On 2019-10-31 15:15, Dmitry wrote:
> Decomposing the type to know the template parameters is not the same as
> making these parameters part of the class' public interface.
>  Right, not exactly the same.
> There are
> cases when template parameters are used for auxiliary purposes, e.g.
> for
> SFINAE or tagging and specialization. These parameters should not be
> exposed.
> It looks like this statement is the most important thing. And I am
> struggling to understand why it is so. Can you please elaborate on this
> more? Why do you think it is a bad idea? (I hope you read my proposal
> and know that if there is already a user-defined type with the same
> name, they won't be declared).

I did not read the paper, but name clashes is not my main point above.
Currently, template parameter names are not part of the class interface.
Even some trailing template parameters themselves may not be intended
for public use, although careful programmers would hide those with
template aliases or inheritance.

   template< typename T, bool F = is_empty_v<T> && !is_final_v<T> >
   struct is_ebo_viable_impl : false_type {};

   template< typename T >
   struct is_ebo_viable_impl< T, true > : true_type {};

   template< typename T >
   using is_ebo_viable = is_ebo_viable_impl< T >;

In this example, neither T nor F names are the public interface of
is_ebo_viable or is_ebo_viable_impl. The F parameter itself is not even
intended to be used by users, it is an implementation detail. If those
names became visible to users, that would mean they are now part of the
class interface, which is not the intention. Worse, there would be no
way to hide F, which is_ebo_viable attempts to achieve.

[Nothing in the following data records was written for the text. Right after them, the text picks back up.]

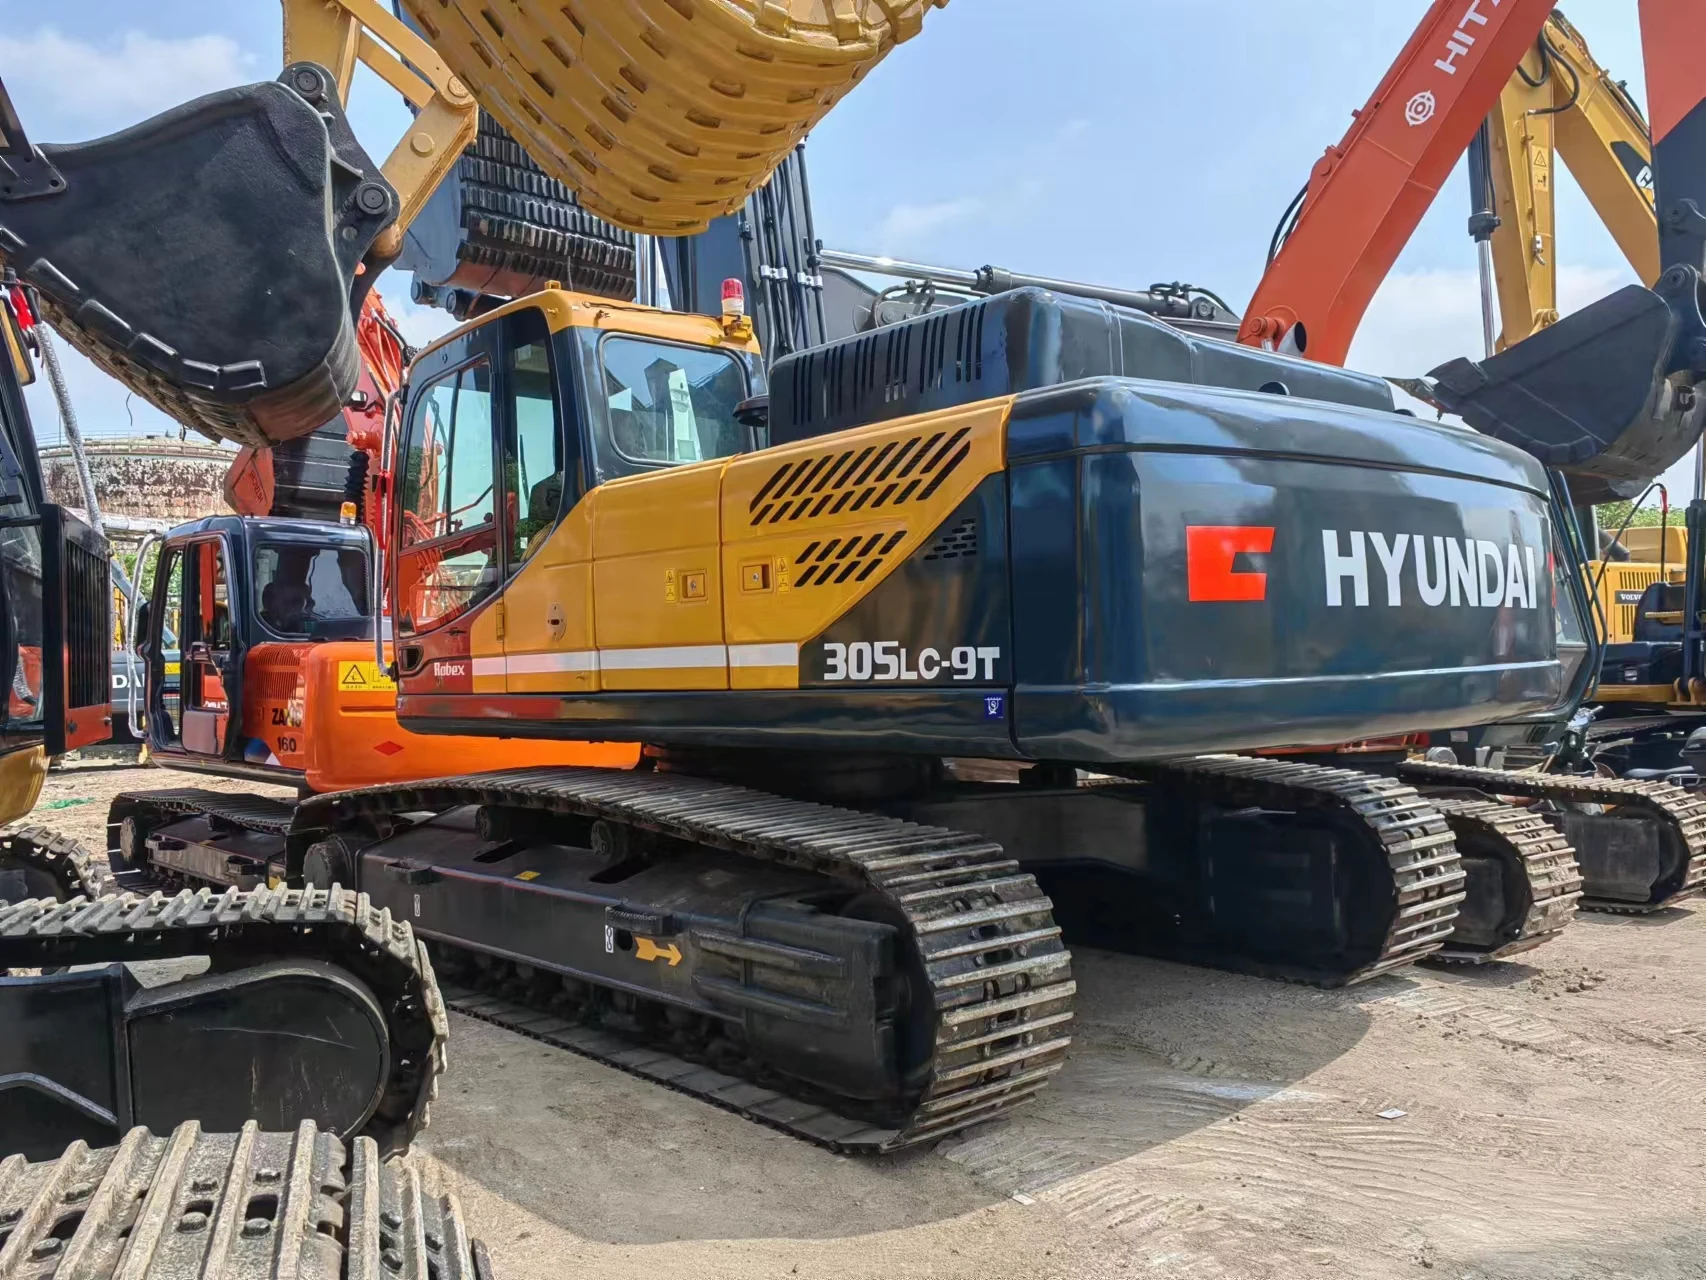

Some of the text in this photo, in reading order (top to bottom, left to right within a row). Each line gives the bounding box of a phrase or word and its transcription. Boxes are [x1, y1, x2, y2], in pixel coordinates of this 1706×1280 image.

[1433, 0, 1501, 75] HIT
[1322, 529, 1537, 610] HYUNDAI
[433, 661, 465, 677] Robex
[823, 641, 1000, 681] 305LC-9T
[277, 736, 297, 752] 160
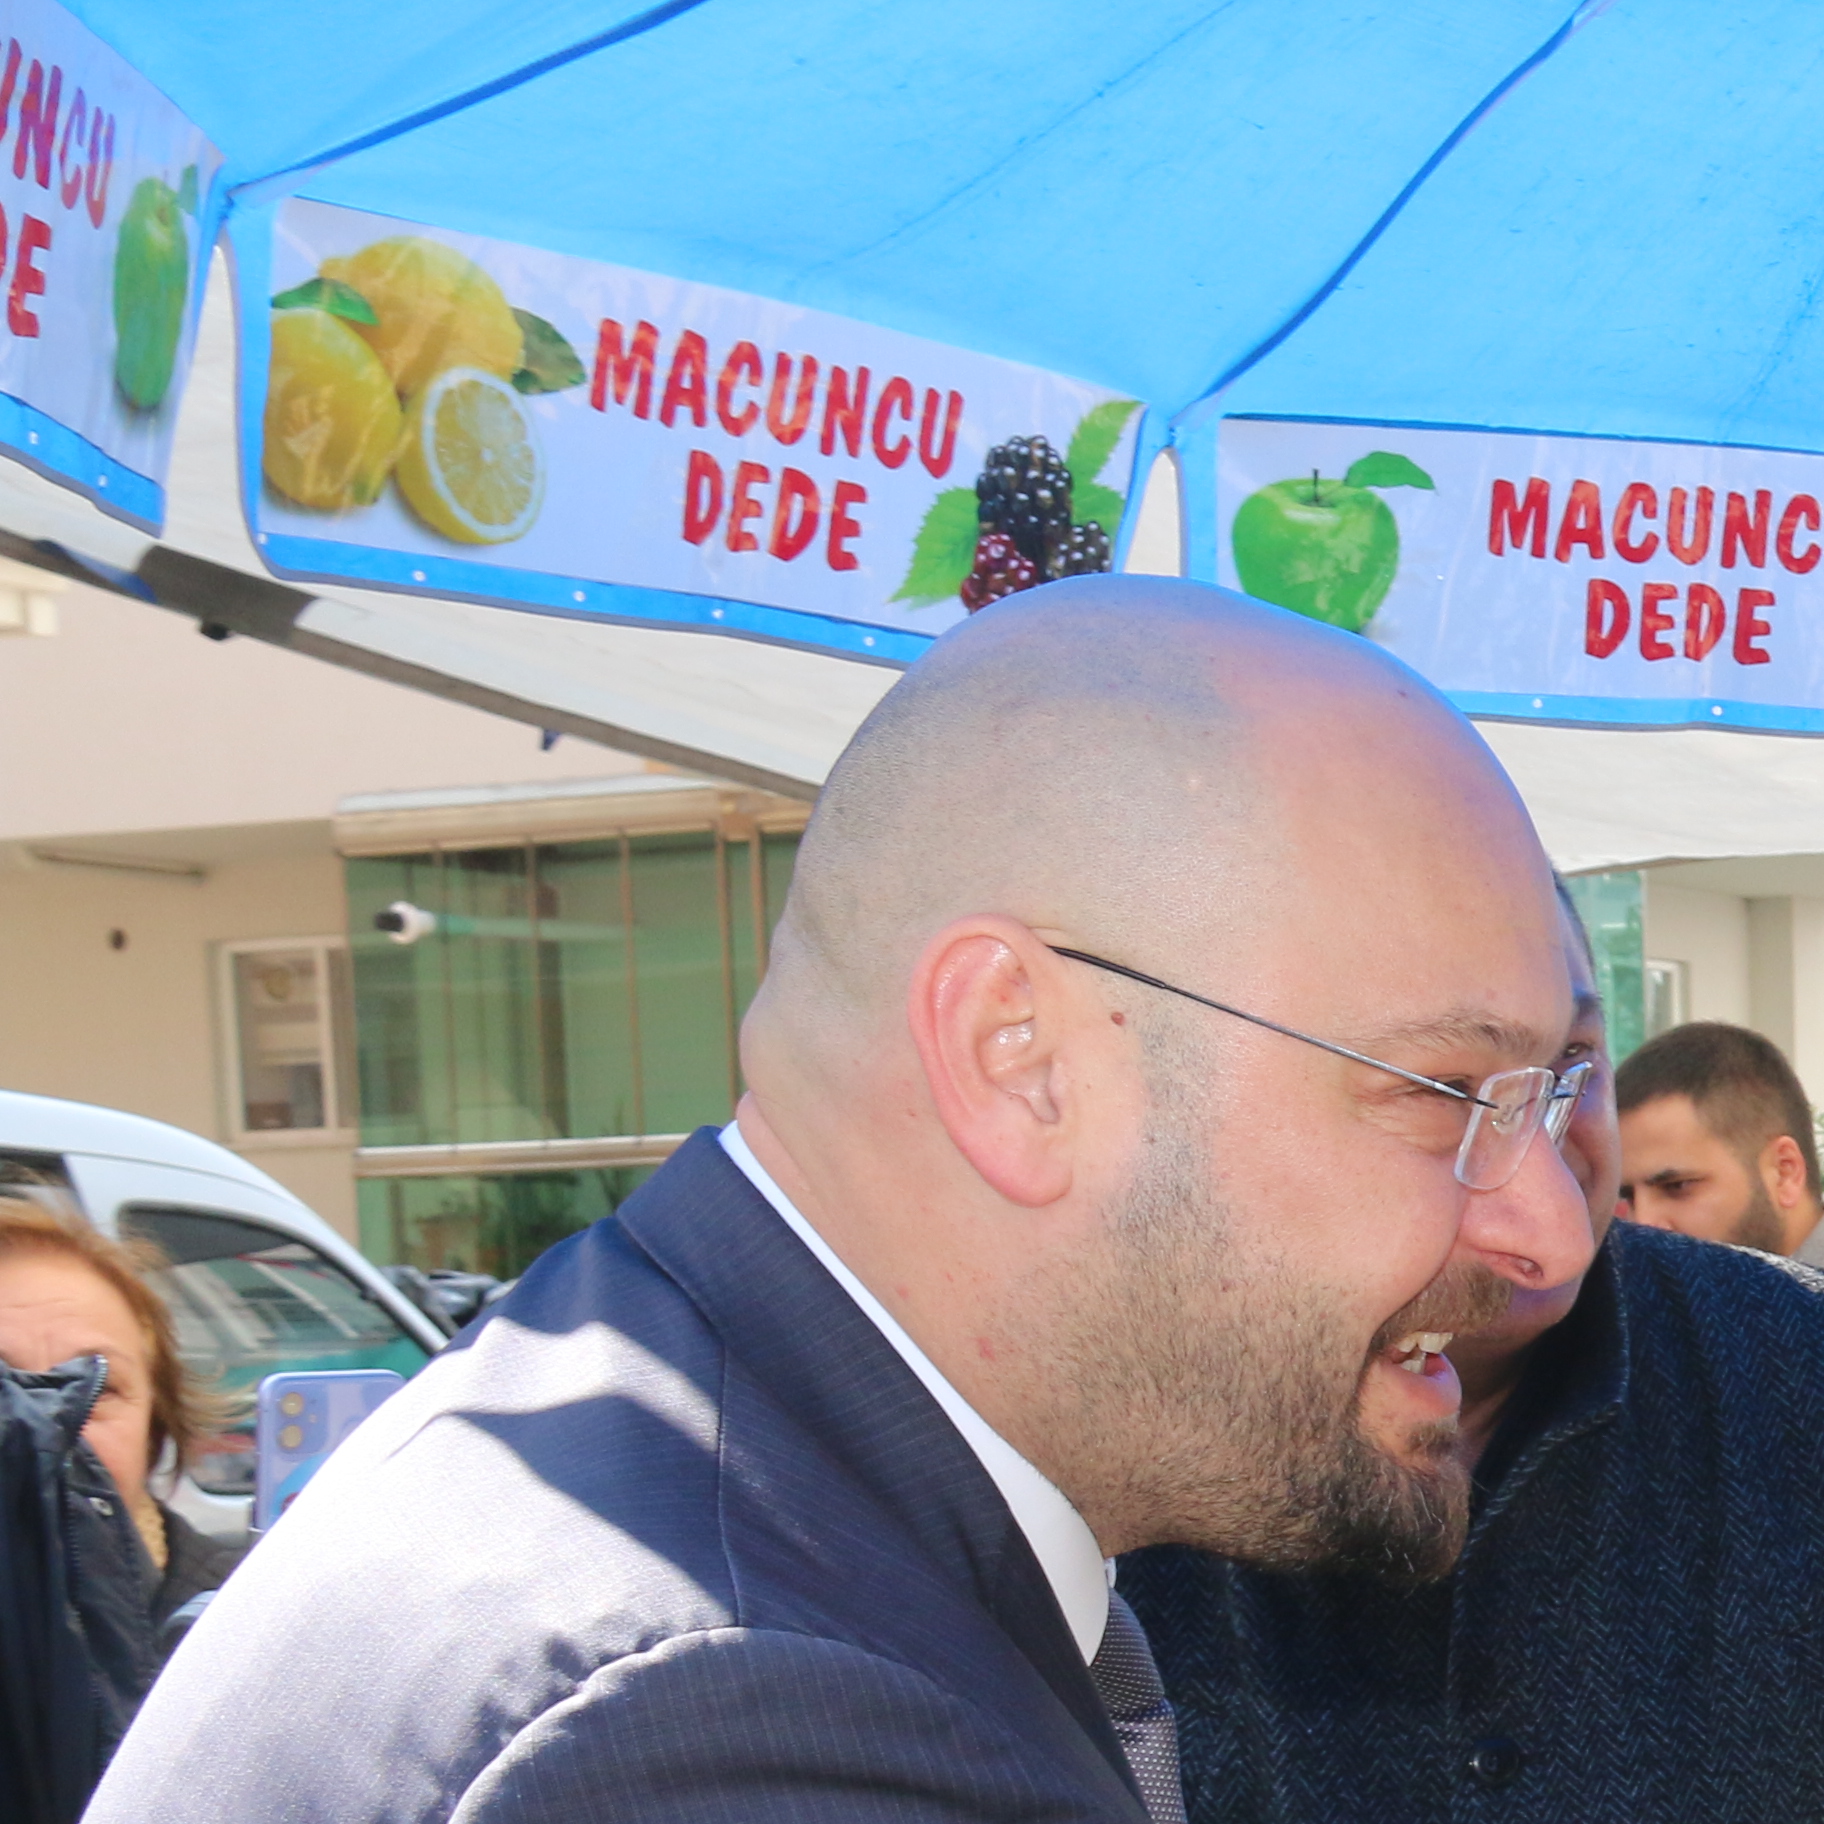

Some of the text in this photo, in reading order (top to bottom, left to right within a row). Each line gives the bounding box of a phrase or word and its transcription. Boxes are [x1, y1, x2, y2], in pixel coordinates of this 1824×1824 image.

[590, 317, 964, 478] MACUNCU
[682, 449, 868, 571] DEDE
[1584, 578, 1776, 665] DEDE

Adding unintended members to types can have practical consequences. For
example, various type inspection techniques can be broken.

   template< typename type >
   struct foo {};

   template< typename T >
   struct has_type
     static constexpr value = ...; // true if T::type is a type

has_type<foo>::value is false now, but with the implicit template
parameter names propagation it would become true.

Speaking of name clashes, I think it should be a hard error if a
template parameter name clashes a member name, when parameter name
propagation is requested.

   template< public typename T >
   struct foo
     typedef int T; // error: member type T already defined
                    // by the template parameter

This will avoid the ambiguity as to what T actually is for the less
experienced developers.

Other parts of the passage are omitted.